Doctoral Defense - Shuyang Yu

About the Event

The Department of Computer Science & Engineering

Michigan State University

Ph.D. Dissertation Defense

May 12, 2025 at 9:00AM EST

Online -Information Available Upon Request from Vincent Mattison or Advisor

ABSTRACT

Enhancing the Robustness and Trustworthiness of Machine Learning Models in Diverse Domains

By: Shuyang Yu

Advisor: Dr. Jiayu Zhou

The rapid advancement of machine learning, particularly over-parameterized deep neural networks (DNNs), has led to significant progress across diverse domains. While the over-parameterization of DNNs gives them the power to capture complex mappings between input data points and target labels, in real-world challenges, they can inevitably be exposed to unseen out-of-distribution (OoD) examples that deviate from the training distribution.
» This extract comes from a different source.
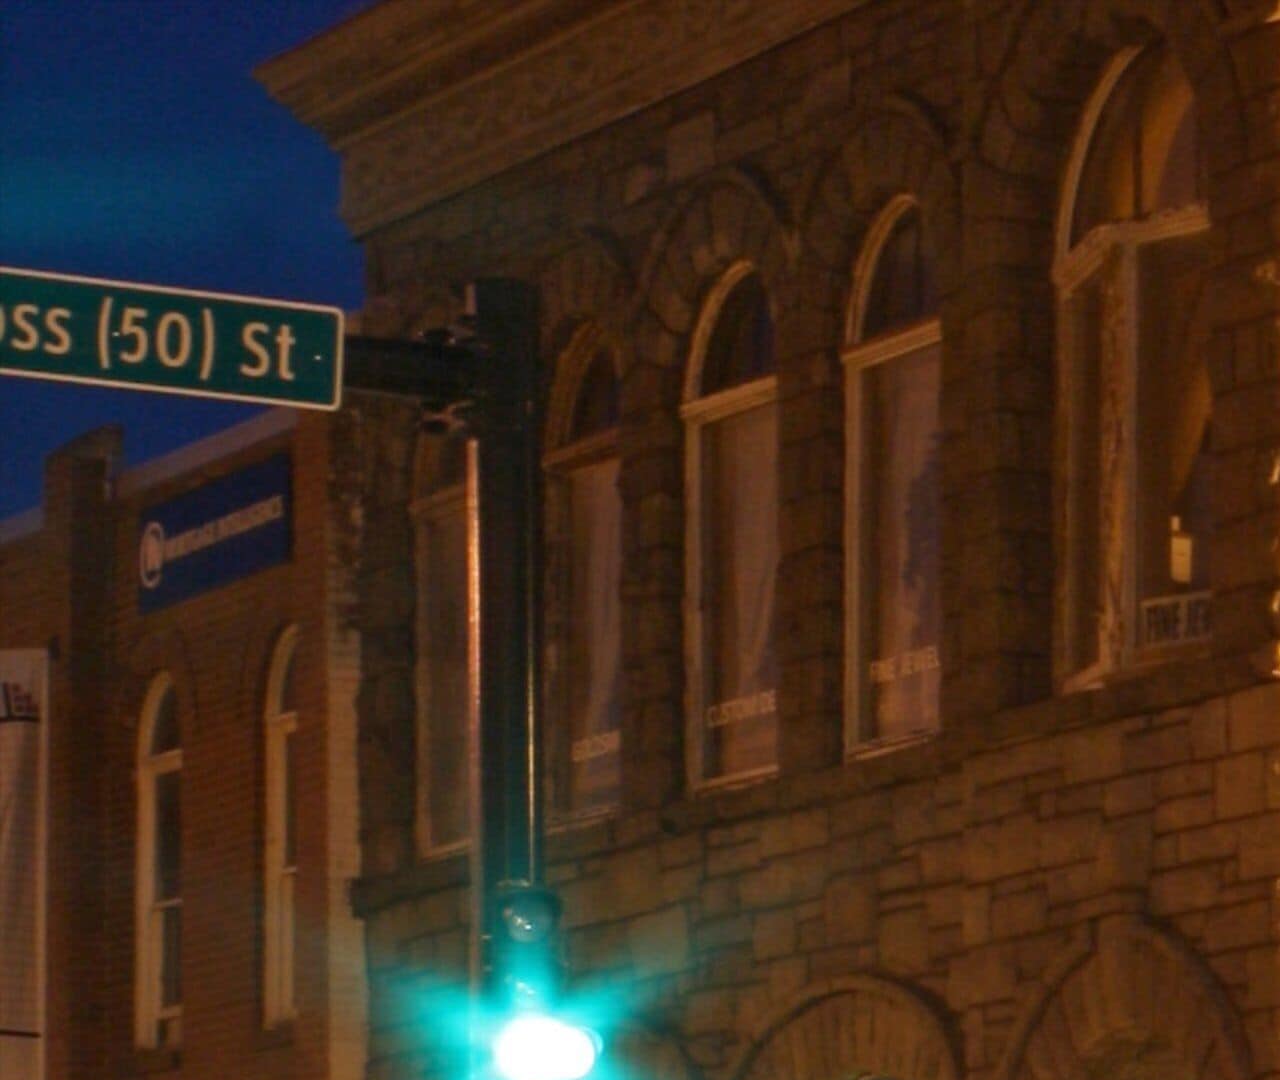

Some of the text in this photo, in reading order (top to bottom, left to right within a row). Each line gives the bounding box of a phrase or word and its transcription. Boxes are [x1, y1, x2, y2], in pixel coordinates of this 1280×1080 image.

[0, 296, 296, 381] ss (50) St
This raises critical concerns around robustness, adaptiveness, and trustworthiness of such models.

In this thesis, we propose three different methods to enhance model robustness and adaptiveness under distribution shifts. 1) Robust Unsupervised Domain Adaptation (UDA): We propose a simple, parallelizable UDA framework that efficiently transfers knowledge from corrupted source domains to target domains. The method is compatible with existing UDA approaches. 2) Handle the long-tail knowledge of LLMs for downstream tasks: we develop a reinforcement learning–based in-context learning (ICL) strategy. A dynamic uncertainty-aware ranking system selects informative examples using LLM feedback with a budget controller. 3) Federated OoD Detection: We introduce a privacy-preserving federated OoD synthesizer that leverages data heterogeneity to improve OoD detection across clients. This allows each client to learn from external class knowledge distributed across non-IID collaborators.

Domain adaptation can also pose risks of unauthorized reproduction or intellectual property (IP) theft, especially for high-value models. To strengthen model trustworthiness, this thesis introduces two IP protection techniques: 1) A novel OoD-based watermarking method that does not require access to the training data, addressing the limitations of backdoor-based watermarking in privacy-sensitive scenarios. It is both sample-efficient and time-efficient, while preserving model utility. 2) A federated learning (FL) watermarking scheme that enables both ownership verification and leakage tracing, shifting model accountability from anonymity to accountability.